* _Task directions_:
Nothing but the text of the records belongs in your answer: repeat all of it exactly and leave out the images.

===== Data provided

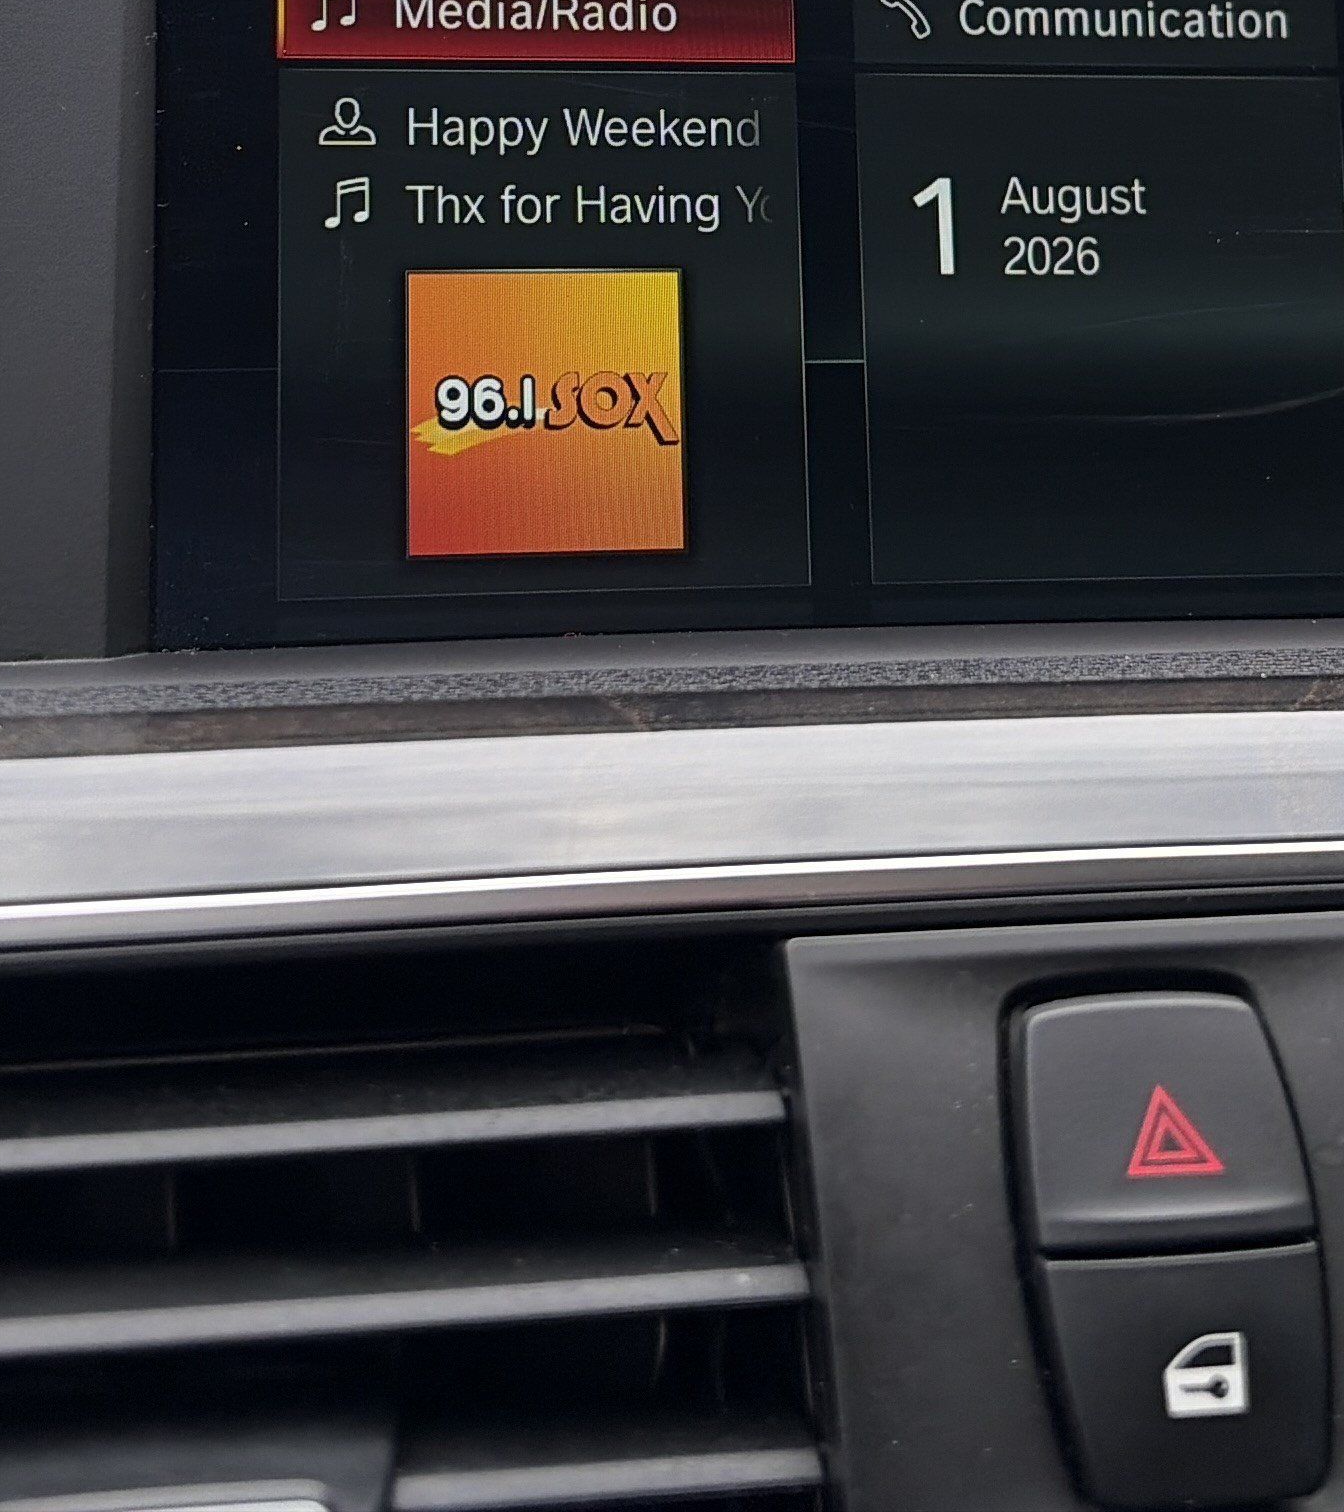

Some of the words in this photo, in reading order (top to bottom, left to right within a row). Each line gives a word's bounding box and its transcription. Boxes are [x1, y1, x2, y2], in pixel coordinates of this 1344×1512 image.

[408, 107, 549, 156] Happy
[562, 107, 759, 148] Weekend
[404, 185, 486, 224] Thx
[500, 184, 561, 224] for
[576, 184, 720, 233] Having
[1000, 176, 1147, 224] August
[912, 177, 955, 275] 1
[1003, 236, 1100, 276] 2026
[435, 374, 537, 431] 96.1
[544, 371, 680, 446] SOX

==========

* _Answer area_:
Some of the words in this photo, in reading order (top to bottom, left to right within a row). Each line gives a word's bounding box and its transcription. Boxes are [x1, y1, x2, y2], in pixel coordinates of this 1344×1512 image.

[408, 107, 549, 156] Happy
[562, 107, 759, 148] Weekend
[404, 185, 486, 224] Thx
[500, 184, 561, 224] for
[576, 184, 720, 233] Having
[1000, 176, 1147, 224] August
[912, 177, 955, 275] 1
[1003, 236, 1100, 276] 2026
[435, 374, 537, 431] 96.1
[544, 371, 680, 446] SOX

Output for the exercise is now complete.